« T’es pas comédien, t’es un personnage. Fais ton cinéma toi-même. »
Cette phrase, entendue dans une remarquable émission de France Culture consacrée à Pierre Richard, pourrait servir de clé à Le Distrait.
Le film raconte l’arrivée de Pierre Malaquet, jeune publicitaire naïf, rêveur et profondément maladroit, dans une grande agence parisienne. Il veut être original, inventif, différent. Mais ses idées, totalement déconnectées du réel, virent souvent à l’absurde, parfois même au dangereux. Sa distraction chronique déclenche alors une série de catastrophes en chaîne, minuscules ou spectaculaires, toujours involontaires.

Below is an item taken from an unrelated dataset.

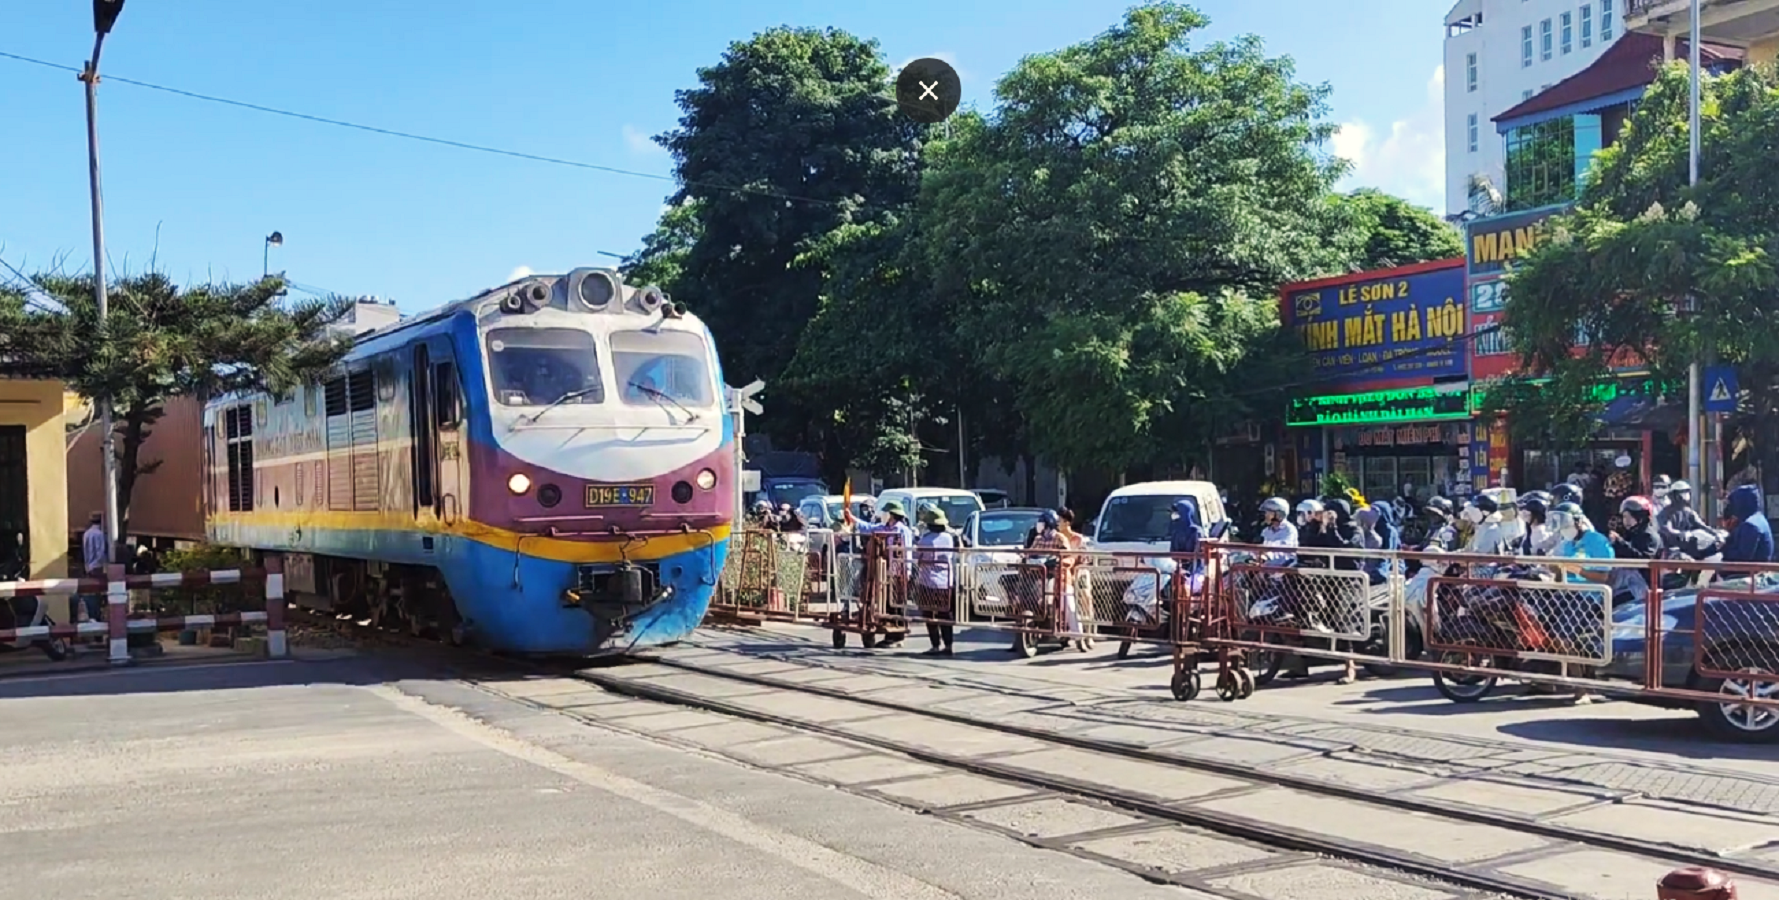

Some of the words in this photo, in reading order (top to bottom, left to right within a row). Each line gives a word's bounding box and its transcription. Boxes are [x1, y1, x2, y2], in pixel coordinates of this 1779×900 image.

[1398, 281, 1409, 298] 2
[1345, 304, 1385, 348] MẮT
[1392, 304, 1421, 342] HÀ
[1427, 298, 1464, 341] NỘI

Derrière cette mécanique comique, le film repose sur une opposition très nette : un personnage lunaire, presque hors du monde, face à une société rationnelle, froide, obsédée par la productivité. Malaquet agit comme un révélateur. Sa simple présence dérègle le système, interroge ses normes et ses automatismes. À l’autre bout de l’échelle hiérarchique, Blier, le PDG, incarne cette tentative paradoxale d’intégrer l’inintégrable : faire une place au rêveur sans jamais vraiment comprendre ce qu’il est.
Genèse du film
Pierre Richard l’a souvent raconté : le projet naît d’une conversation décisive avec Yves Robert, qui l’encourage à ne plus seulement jouer, mais à mettre en scène son propre burlesque. À cela s’ajoute le conseil de son ami André Ruellan de relire Les Caractères, et notamment la figure de Ménalque, incarnation littéraire du distrait absolu. Malaquet en est une transposition moderne, plongée dans la France technocratique de la fin des années 1960.
Une esthétique volontairement artisanale
Aucune virtuosité tapageuse ici. Pas de mouvements de caméra ostentatoires ni de trouvailles techniques spectaculaires. Le film privilégie les plans fixes, les cadres larges, presque neutres. Mais cette sobriété cache un vrai travail de composition : bureaux, salles de réunion, couloirs sont souvent filmés comme des espaces géométriques fermés, presque des carrés parfaits. Cette rigidité visuelle accentue la froideur du monde du travail et rend les gestes erratiques de Malaquet encore plus perturbateurs.
Une scène emblématique
Tout est là, en miniature. Malaquet pose machinalement sa tasse de café sur un dossier. Une trace apparaît. Il ne la voit pas. Il déplace ensuite le dossier, et le café se répand ailleurs, contaminant un autre document. Rien n’est dit, tout est compris. Une catastrophe silencieuse, purement visuelle, qui résume le film : le désordre naît de l’inattention, mais aussi de la logique même du système.
Pourquoi j’aime ce film
Le Distrait fut un grand succès public, mais longtemps considéré comme mineur par la critique. Certes, Pierre Richard n’est ni Jacques Tati, ni Pierre Etaix. Mais son burlesque maladroit, héritier d’un Buster Keaton gaffeur et fragile, possède une grâce bien à lui, plus douce, plus humaine.
Si vous avez un peu de temps, regardez Le Distrait. Derrière la comédie, c’est tout un rapport au monde moderne qui se joue, à la fois drôle, inquiet et étrangement actuel.